The myths surrounding Mutual funds myths surrounding Mutual funds
finance 66Jul

You need a lot of money to invest in mutual funds.

Investing is a form of saving which is meant to provide an individual to earn returns on the same and create wealth over a long horizon. Mutual funds is one such investment product. One myth that surrounds mutual funds is that individuals need a large sum of funds/ money to invest in any mutual funds. Obviously this is not true. Any individual can start investing money in a mutual fund with investment of as low as Rs. 500. So even if any investor starts with such a low amount, the disciplined saving and power of compounding will create a very good investment portfolio over a period of time.

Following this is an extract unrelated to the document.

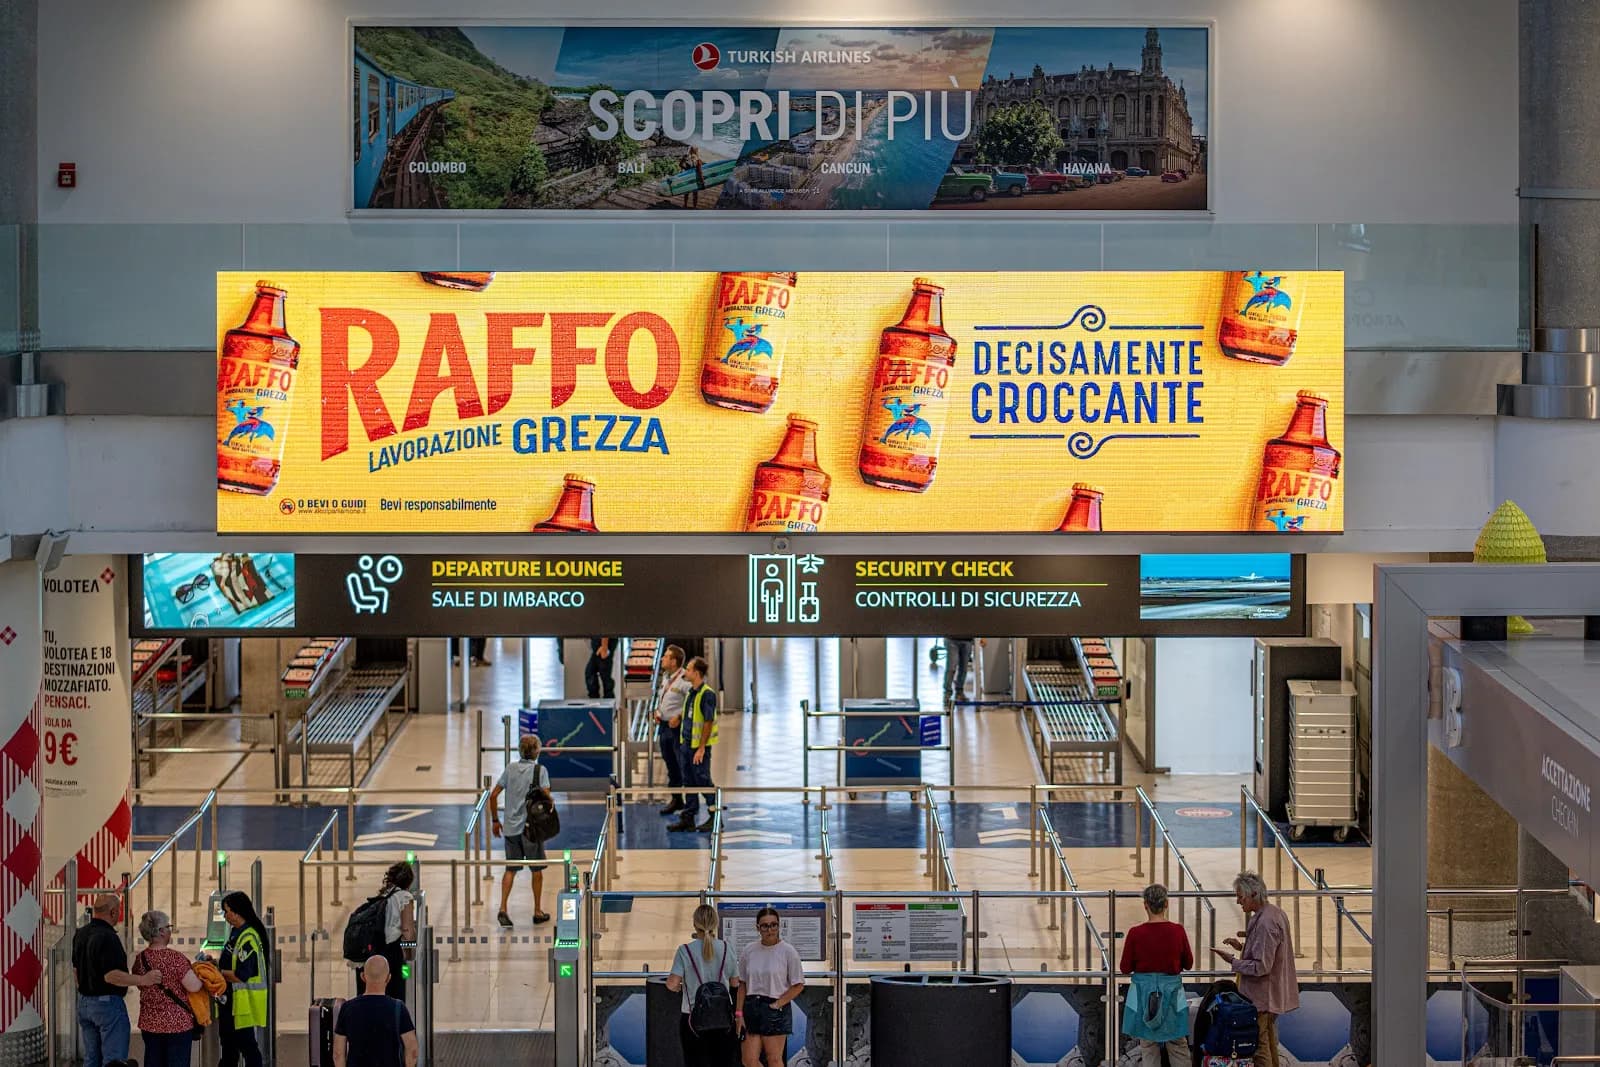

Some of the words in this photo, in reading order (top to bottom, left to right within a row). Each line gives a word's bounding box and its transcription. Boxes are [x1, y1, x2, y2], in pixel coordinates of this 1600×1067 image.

We do not understand the stock market so avoid mutual funds

Investors are worried about not having enough knowledge about the stock market to make an informed decision to invest in mutual funds. In fact,mutual funds are meant for investors who do not follow the stock market regularly. Also apart from equity, mutual funds have many different debt funds. So ideally any investor who does not want equity exposure can look at various debt schemes offered by mutual funds.

Mutual funds do not generate returns

As mentioned in the previous paragraph, performance of any equity mutual funds scheme will be in correlation with the overall equity market. So obviously there is risk attached to your investment. However if we look at historical data, it is observed that a disciplined investor with a 5-7 year investment horizon has seen decent returns on investments. It is very important for investors to know their horizon and goal when they make an investment in mutual funds.

The top rated funds will always guarantee the best returns

All mutual funds investments are subject to market risk. Always remember this disclaimer. So there are no guaranteed returns ever in any mutual fund – be it equity or debt.

Demat account is necessary to invest in mutual funds

The fact is that you do not need a demat account to invest in mutual funds, However it is up to investors to decide their mode of holding of their mutual fund investment. Investors can always seek the assistance of a financial planner before investing into mutual funds.

Mutual funds that have a low NAV are good

Mutual funds that have a low NAV does not always mean that they are a good buy, the NAV does not present the picture of how the fund is performing, and on the other hand if the NAV of a fund is high, this too does not indicate that the fund is performing well or will continue to do so.

Investing in mutual funds identical to investing in the stock market.

Although the equity mutual fund scheme is likely to correlate the overall equity market, investors can avoid the volatility of one single stock by participating in a basket of stocks (through a mutual fund).So the underlying asset class is the same, the returns of any mutual fund scheme not necessary identical to returns of overall stock market or any one particular stock.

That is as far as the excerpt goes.